By the 2030s, more than 400 million people a year could be exposed to temperatures that make it almost impossible to work, as the average global rise edges above 1.5oC. The consequences of this for economies, health, social cohesion, migration and the risk of conflict would be incalculable.
By 2040, the probability that crops in four major food growing regions will lose more than ten per cent of their harvest could increase to around 50 per cent (it’s currently around zero). The cascading consequences of such a shock could be far greater than the immediate effects. As one Chatham House paper concluded, such impacts “can be expected to cause higher mortality rates, drive political instability and greater national insecurity, and fuel regional and international conflict.”
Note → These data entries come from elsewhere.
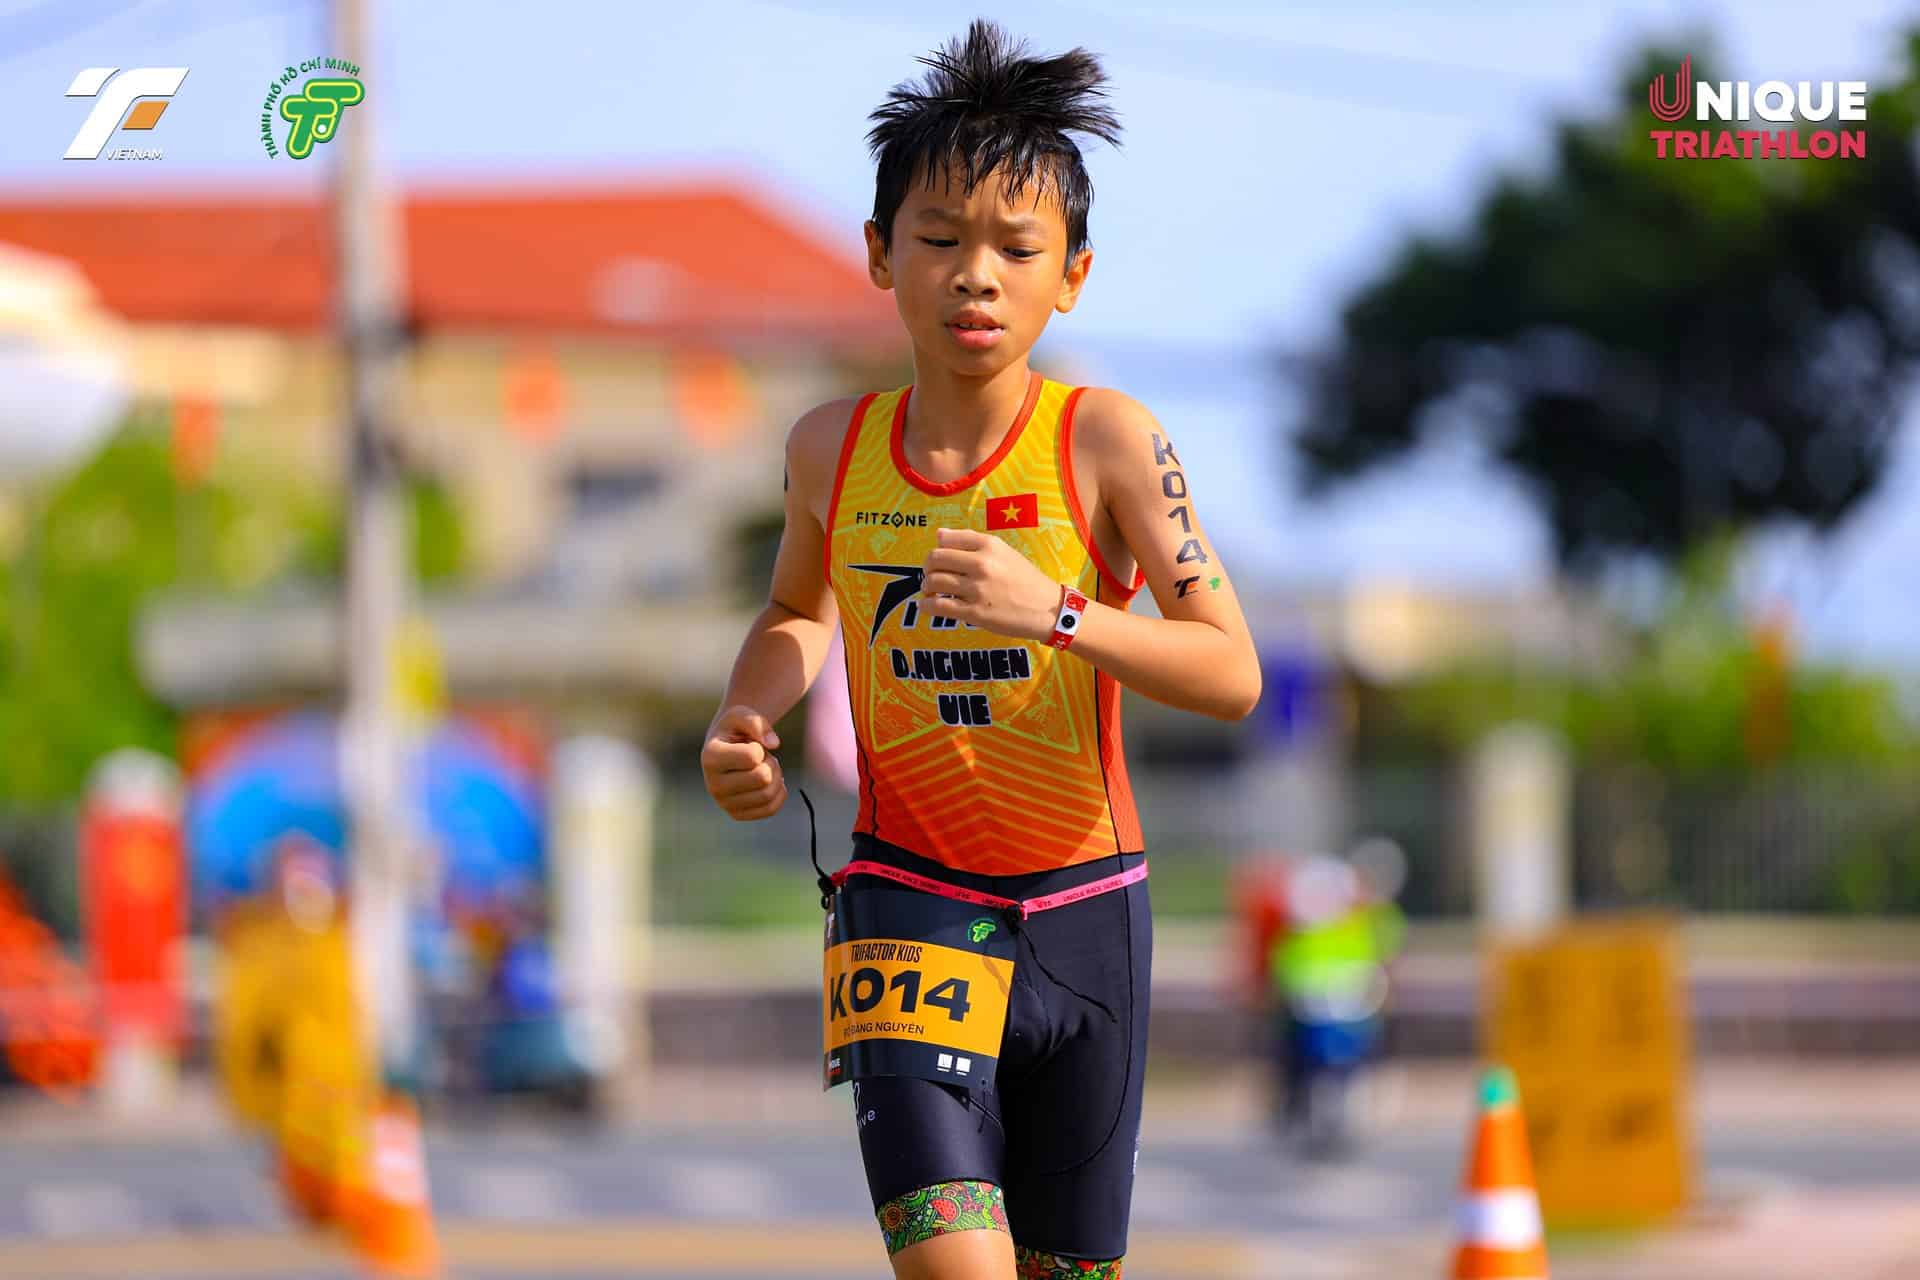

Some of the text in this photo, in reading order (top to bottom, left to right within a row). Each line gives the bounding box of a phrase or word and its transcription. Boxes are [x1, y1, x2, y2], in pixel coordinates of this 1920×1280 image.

[855, 511, 928, 528] FITZONE
[890, 647, 1032, 682] D.NGUYEN
[851, 943, 922, 963] TRIFACTOR KIDS
[875, 1022, 925, 1035] NGUYEN
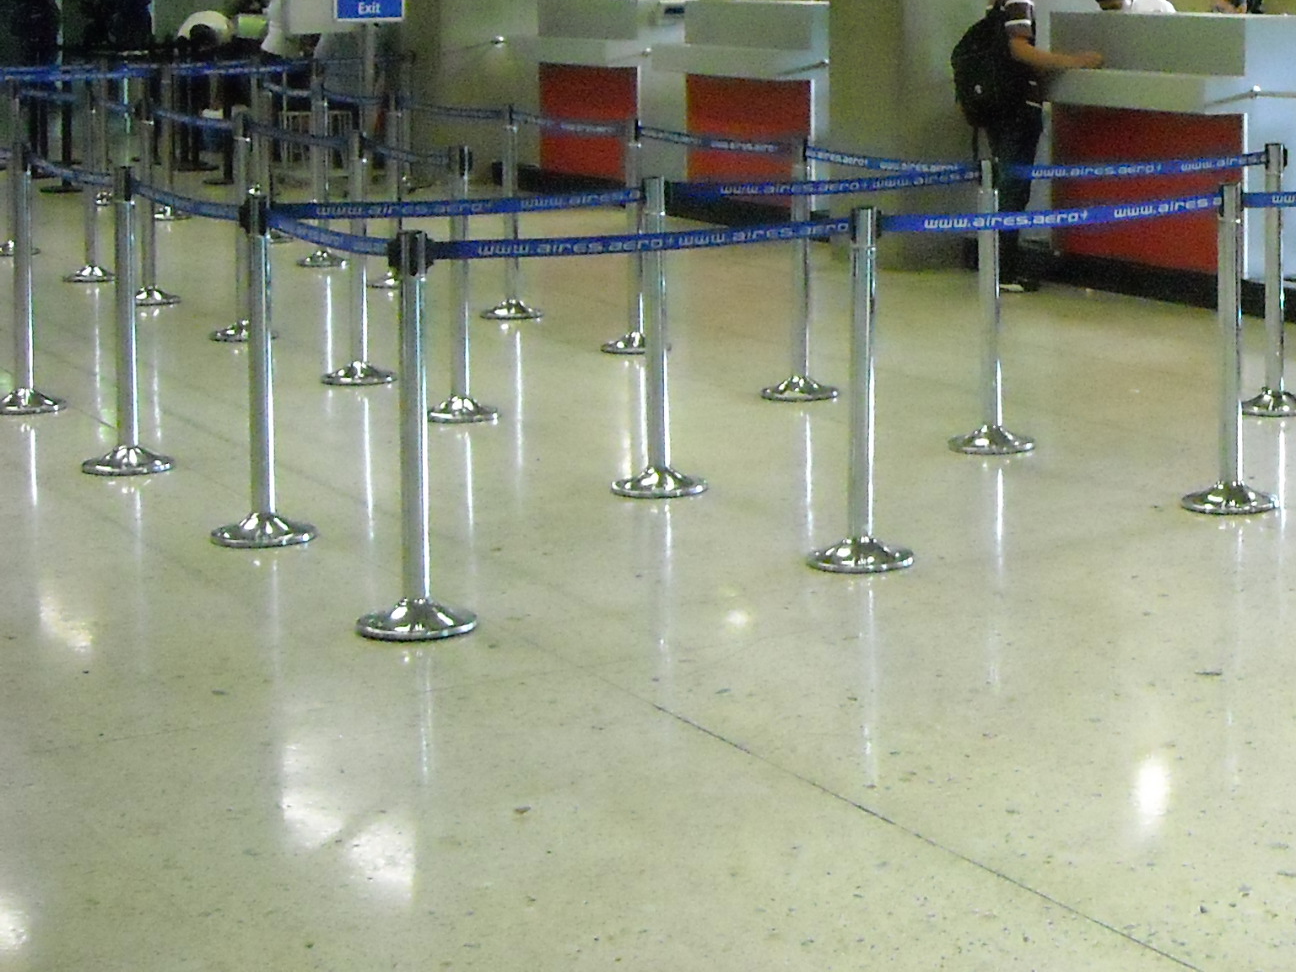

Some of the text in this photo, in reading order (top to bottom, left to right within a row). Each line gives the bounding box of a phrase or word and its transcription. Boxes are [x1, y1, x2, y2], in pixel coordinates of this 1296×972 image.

[358, 1, 382, 15] Exit
[1031, 163, 1158, 179] www.aires.aero
[719, 181, 859, 196] www.aires.aero
[316, 202, 484, 218] www.aires.aero
[924, 212, 1078, 230] www.aires.aero
[478, 222, 849, 256] www.aires.aero www.aires.aero
Temperature rises will have major socioeconomic impacts
This means we should give far more weight to the cascading effects of temperature rises on societies. It’s easy to get lost in the quantitative simplicity of headline temperature rises and projections of how many people will be in heat stress by a given date. But that can underplay the full risks we face. An analysis of the cascading effects on social and economic systems can change our model of what temperature rises, biodiversity loss and nitrogen cycle destabilisation mean.
Such an analysis underlines the need to stay below 1.5oC and reduce the destruction of nature fast by rapidly transforming societies and economies.
But the world still isn’t taking emergency action. This means that recent reports on the systemic risks of the environmental crisis could be losing their value as warnings of what can be definitively avoided. Instead, it might be prudent to read them as increasingly accurate descriptions of the state of the world in which the next stage of the fight to avoid catastrophic environmental change is fought.
Just as the pandemic changed the political and economic context for environmentalism, the worsening effects of the environmental crisis will do so for society and the economy in widespread, rapid and unexpected ways.
Recognising risk doesn’t guarantee the right response
What will be the impacts on the net zero agenda? How will these conditions affect the struggle for a green new deal? What political forces will be unleashed by this destabilisation, and who will benefit electorally? These questions should increasingly become part of medium term planning for those working on the environmental agenda, who are well positioned to act as a conduit between the science and those with expertise in how societies could respond to worsening shocks. The parlous response of the UK and USA to the pandemic – countries that topped rankings of pre-pandemic preparedness – shows that just recognising the existence of a risk doesn’t guarantee an effective response.
Better anticipation of, and being prepared for, a future of growing systemic risk is particularly important for younger generations. It is they who will become leaders in the 2040s and 2050s when these risks increase significantly. And it is they who must be capable of realising sustainable, equitable and resilient societies under these conditions.